Instructions for the task: Copy out each line below verbatim, skipping any picture.

── Exercise input

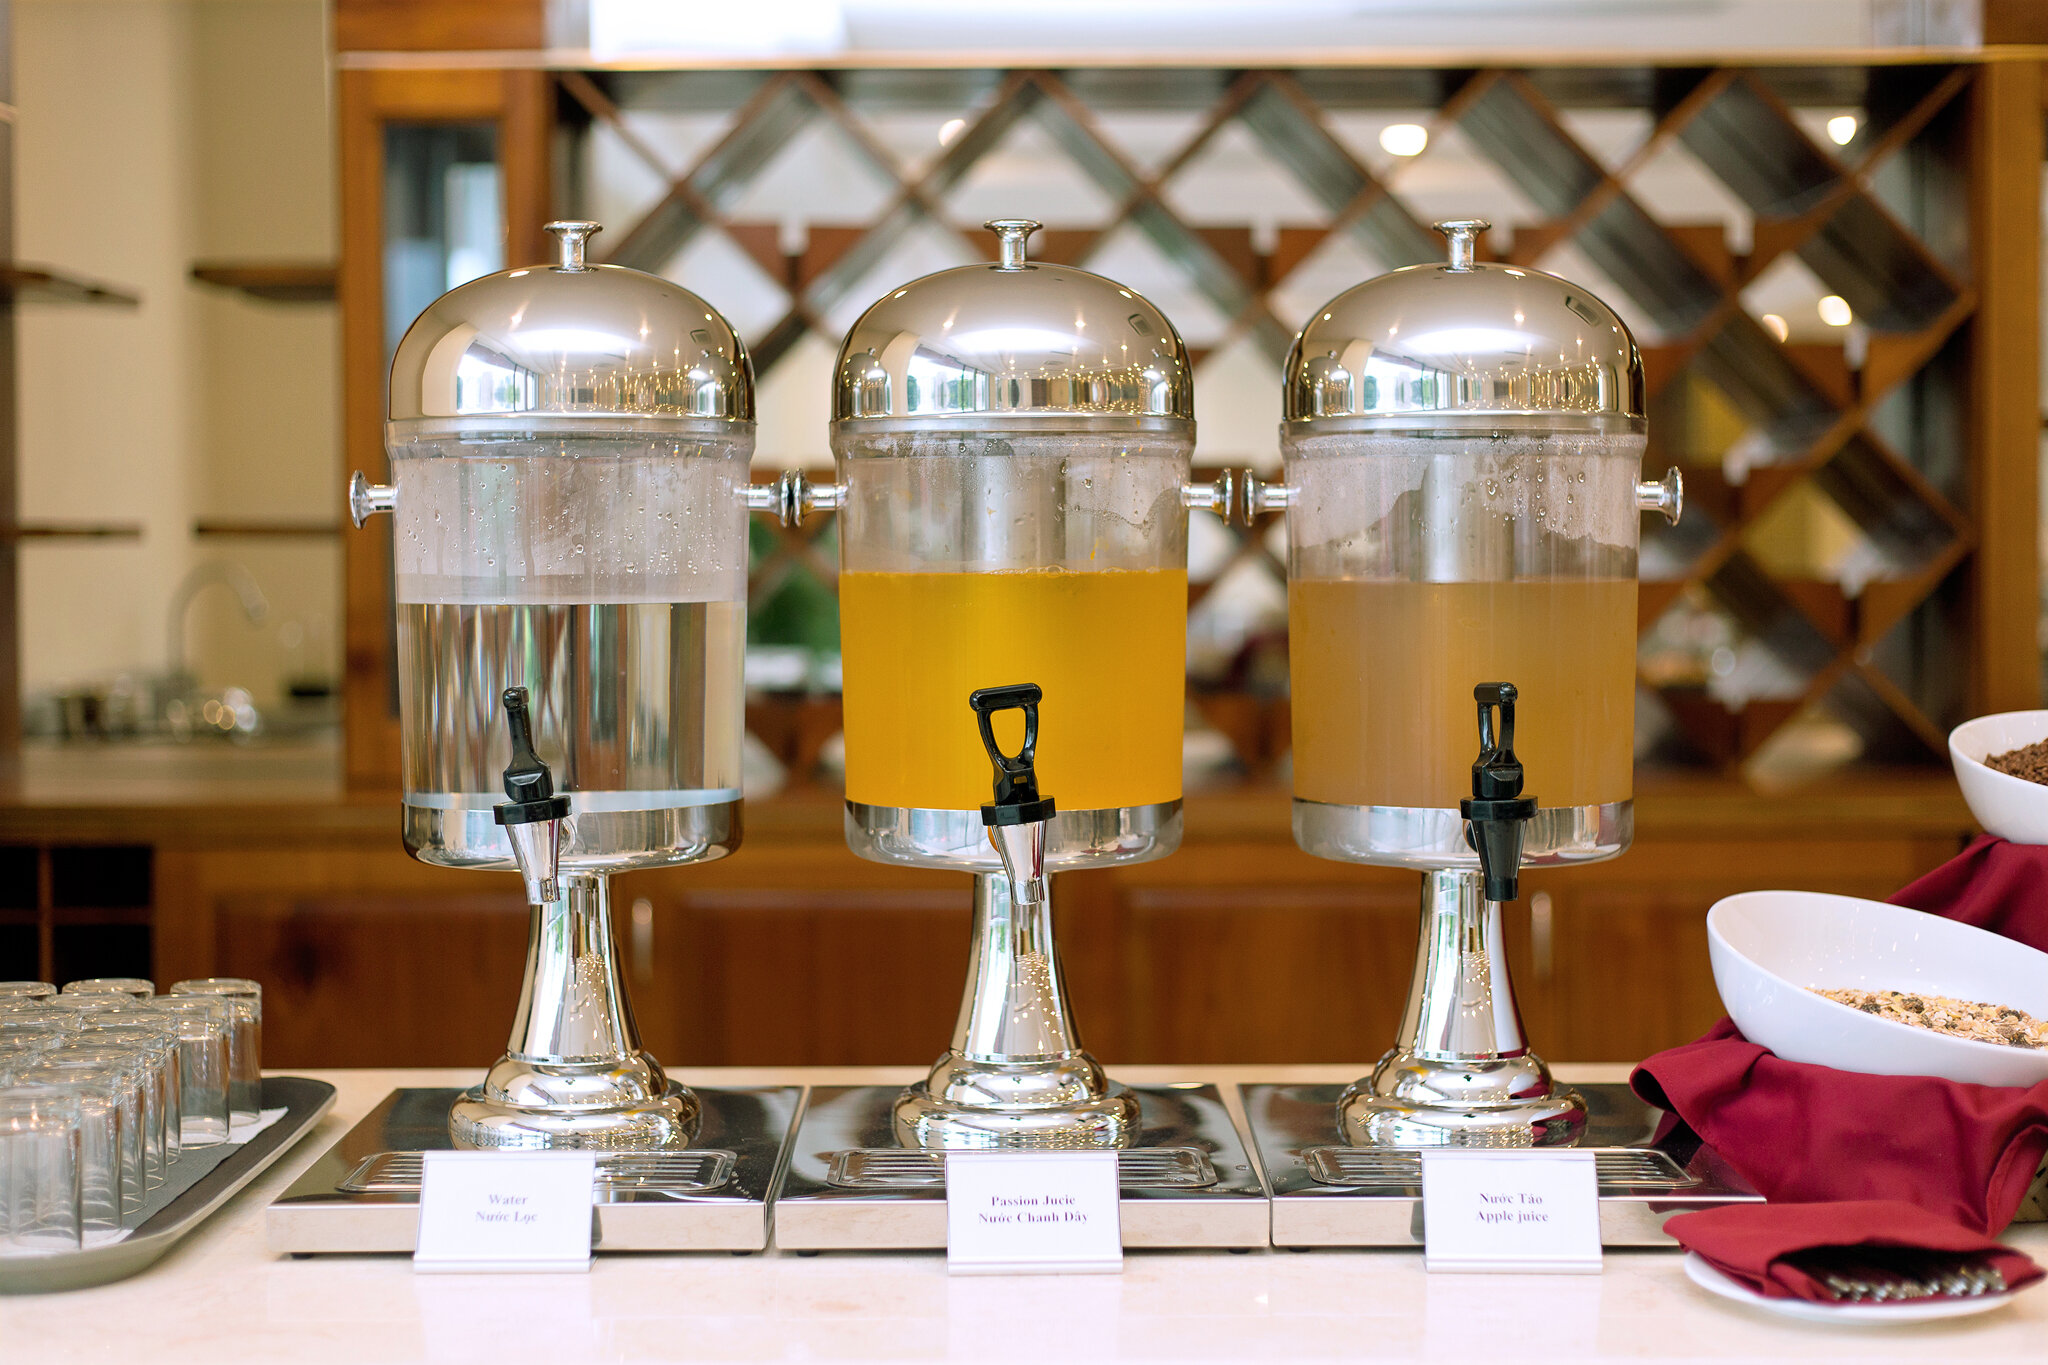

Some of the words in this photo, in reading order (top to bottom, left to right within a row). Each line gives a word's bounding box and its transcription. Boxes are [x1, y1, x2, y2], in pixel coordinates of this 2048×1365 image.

[488, 1194, 528, 1205] Water
[991, 1195, 1039, 1206] Passion
[1042, 1194, 1076, 1205] Jucie
[1017, 1212, 1060, 1223] Chanh
[1475, 1210, 1514, 1224] Apple
[1517, 1210, 1548, 1224] juice

────

Exercise solution:
Some of the words in this photo, in reading order (top to bottom, left to right within a row). Each line gives a word's bounding box and its transcription. Boxes are [x1, y1, x2, y2], in pixel coordinates of this 2048×1365 image.

[488, 1194, 528, 1205] Water
[991, 1195, 1039, 1206] Passion
[1042, 1194, 1076, 1205] Jucie
[1017, 1212, 1060, 1223] Chanh
[1475, 1210, 1514, 1224] Apple
[1517, 1210, 1548, 1224] juice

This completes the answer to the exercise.